Exercise prompt =
All of the data is to be set down again without alteration.

(Phrase grounding data)
+ + +
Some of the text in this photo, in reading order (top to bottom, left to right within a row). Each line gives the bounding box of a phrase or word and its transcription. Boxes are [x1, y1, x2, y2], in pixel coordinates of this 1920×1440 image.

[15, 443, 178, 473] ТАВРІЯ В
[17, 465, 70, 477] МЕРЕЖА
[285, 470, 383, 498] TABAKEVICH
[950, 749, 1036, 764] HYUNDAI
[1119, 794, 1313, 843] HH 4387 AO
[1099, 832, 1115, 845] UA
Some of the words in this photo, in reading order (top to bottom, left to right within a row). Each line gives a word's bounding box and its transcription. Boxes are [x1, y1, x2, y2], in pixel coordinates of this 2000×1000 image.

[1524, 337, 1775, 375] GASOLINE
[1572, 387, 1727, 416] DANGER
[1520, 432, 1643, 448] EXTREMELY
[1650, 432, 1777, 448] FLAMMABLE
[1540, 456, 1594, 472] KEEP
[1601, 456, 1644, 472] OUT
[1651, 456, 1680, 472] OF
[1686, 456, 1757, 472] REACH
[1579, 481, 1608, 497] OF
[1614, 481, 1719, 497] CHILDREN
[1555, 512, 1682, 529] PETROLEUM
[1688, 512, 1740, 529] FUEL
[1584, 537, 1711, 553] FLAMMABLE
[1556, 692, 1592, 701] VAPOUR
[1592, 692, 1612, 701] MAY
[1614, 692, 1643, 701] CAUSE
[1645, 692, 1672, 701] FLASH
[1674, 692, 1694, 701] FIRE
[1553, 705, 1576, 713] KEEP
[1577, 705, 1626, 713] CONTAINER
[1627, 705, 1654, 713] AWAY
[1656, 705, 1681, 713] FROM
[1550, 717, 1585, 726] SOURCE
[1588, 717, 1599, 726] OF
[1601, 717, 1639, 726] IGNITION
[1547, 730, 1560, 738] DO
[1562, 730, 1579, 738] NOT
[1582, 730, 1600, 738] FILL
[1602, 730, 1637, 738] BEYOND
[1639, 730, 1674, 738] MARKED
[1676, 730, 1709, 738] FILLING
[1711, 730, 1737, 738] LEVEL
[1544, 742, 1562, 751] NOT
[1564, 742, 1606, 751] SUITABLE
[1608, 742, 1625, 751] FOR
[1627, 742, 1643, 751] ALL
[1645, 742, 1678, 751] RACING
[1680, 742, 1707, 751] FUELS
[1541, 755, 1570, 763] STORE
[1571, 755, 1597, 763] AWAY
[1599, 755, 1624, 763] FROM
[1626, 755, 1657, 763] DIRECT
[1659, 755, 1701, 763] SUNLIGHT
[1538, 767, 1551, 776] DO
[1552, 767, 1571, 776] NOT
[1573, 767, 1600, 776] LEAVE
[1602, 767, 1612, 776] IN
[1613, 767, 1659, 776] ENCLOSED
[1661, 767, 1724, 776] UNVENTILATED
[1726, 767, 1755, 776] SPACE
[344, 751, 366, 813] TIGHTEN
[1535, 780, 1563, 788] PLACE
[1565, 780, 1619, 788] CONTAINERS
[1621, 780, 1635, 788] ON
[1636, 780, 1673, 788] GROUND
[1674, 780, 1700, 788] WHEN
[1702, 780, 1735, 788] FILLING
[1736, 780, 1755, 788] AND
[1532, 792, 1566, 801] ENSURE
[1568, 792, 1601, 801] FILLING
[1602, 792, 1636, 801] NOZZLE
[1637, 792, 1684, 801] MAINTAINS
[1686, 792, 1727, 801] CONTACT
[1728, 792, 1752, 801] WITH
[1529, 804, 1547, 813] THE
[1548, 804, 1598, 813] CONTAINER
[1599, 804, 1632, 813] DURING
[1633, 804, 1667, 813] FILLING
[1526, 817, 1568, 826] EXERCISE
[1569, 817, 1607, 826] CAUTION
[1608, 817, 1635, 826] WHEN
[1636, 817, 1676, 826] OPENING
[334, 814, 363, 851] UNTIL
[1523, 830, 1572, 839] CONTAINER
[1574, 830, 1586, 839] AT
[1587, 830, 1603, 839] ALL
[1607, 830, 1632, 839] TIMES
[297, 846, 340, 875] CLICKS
+ + +
Written answer =
Some of the text in this photo, in reading order (top to bottom, left to right within a row). Each line gives the bounding box of a phrase or word and its transcription. Boxes are [x1, y1, x2, y2], in pixel coordinates of this 1920×1440 image.

[15, 443, 178, 473] ТАВРІЯ В
[17, 465, 70, 477] МЕРЕЖА
[285, 470, 383, 498] TABAKEVICH
[950, 749, 1036, 764] HYUNDAI
[1119, 794, 1313, 843] HH 4387 AO
[1099, 832, 1115, 845] UA
Some of the words in this photo, in reading order (top to bottom, left to right within a row). Each line gives a word's bounding box and its transcription. Boxes are [x1, y1, x2, y2], in pixel coordinates of this 2000×1000 image.

[1524, 337, 1775, 375] GASOLINE
[1572, 387, 1727, 416] DANGER
[1520, 432, 1643, 448] EXTREMELY
[1650, 432, 1777, 448] FLAMMABLE
[1540, 456, 1594, 472] KEEP
[1601, 456, 1644, 472] OUT
[1651, 456, 1680, 472] OF
[1686, 456, 1757, 472] REACH
[1579, 481, 1608, 497] OF
[1614, 481, 1719, 497] CHILDREN
[1555, 512, 1682, 529] PETROLEUM
[1688, 512, 1740, 529] FUEL
[1584, 537, 1711, 553] FLAMMABLE
[1556, 692, 1592, 701] VAPOUR
[1592, 692, 1612, 701] MAY
[1614, 692, 1643, 701] CAUSE
[1645, 692, 1672, 701] FLASH
[1674, 692, 1694, 701] FIRE
[1553, 705, 1576, 713] KEEP
[1577, 705, 1626, 713] CONTAINER
[1627, 705, 1654, 713] AWAY
[1656, 705, 1681, 713] FROM
[1550, 717, 1585, 726] SOURCE
[1588, 717, 1599, 726] OF
[1601, 717, 1639, 726] IGNITION
[1547, 730, 1560, 738] DO
[1562, 730, 1579, 738] NOT
[1582, 730, 1600, 738] FILL
[1602, 730, 1637, 738] BEYOND
[1639, 730, 1674, 738] MARKED
[1676, 730, 1709, 738] FILLING
[1711, 730, 1737, 738] LEVEL
[1544, 742, 1562, 751] NOT
[1564, 742, 1606, 751] SUITABLE
[1608, 742, 1625, 751] FOR
[1627, 742, 1643, 751] ALL
[1645, 742, 1678, 751] RACING
[1680, 742, 1707, 751] FUELS
[1541, 755, 1570, 763] STORE
[1571, 755, 1597, 763] AWAY
[1599, 755, 1624, 763] FROM
[1626, 755, 1657, 763] DIRECT
[1659, 755, 1701, 763] SUNLIGHT
[1538, 767, 1551, 776] DO
[1552, 767, 1571, 776] NOT
[1573, 767, 1600, 776] LEAVE
[1602, 767, 1612, 776] IN
[1613, 767, 1659, 776] ENCLOSED
[1661, 767, 1724, 776] UNVENTILATED
[1726, 767, 1755, 776] SPACE
[344, 751, 366, 813] TIGHTEN
[1535, 780, 1563, 788] PLACE
[1565, 780, 1619, 788] CONTAINERS
[1621, 780, 1635, 788] ON
[1636, 780, 1673, 788] GROUND
[1674, 780, 1700, 788] WHEN
[1702, 780, 1735, 788] FILLING
[1736, 780, 1755, 788] AND
[1532, 792, 1566, 801] ENSURE
[1568, 792, 1601, 801] FILLING
[1602, 792, 1636, 801] NOZZLE
[1637, 792, 1684, 801] MAINTAINS
[1686, 792, 1727, 801] CONTACT
[1728, 792, 1752, 801] WITH
[1529, 804, 1547, 813] THE
[1548, 804, 1598, 813] CONTAINER
[1599, 804, 1632, 813] DURING
[1633, 804, 1667, 813] FILLING
[1526, 817, 1568, 826] EXERCISE
[1569, 817, 1607, 826] CAUTION
[1608, 817, 1635, 826] WHEN
[1636, 817, 1676, 826] OPENING
[334, 814, 363, 851] UNTIL
[1523, 830, 1572, 839] CONTAINER
[1574, 830, 1586, 839] AT
[1587, 830, 1603, 839] ALL
[1607, 830, 1632, 839] TIMES
[297, 846, 340, 875] CLICKS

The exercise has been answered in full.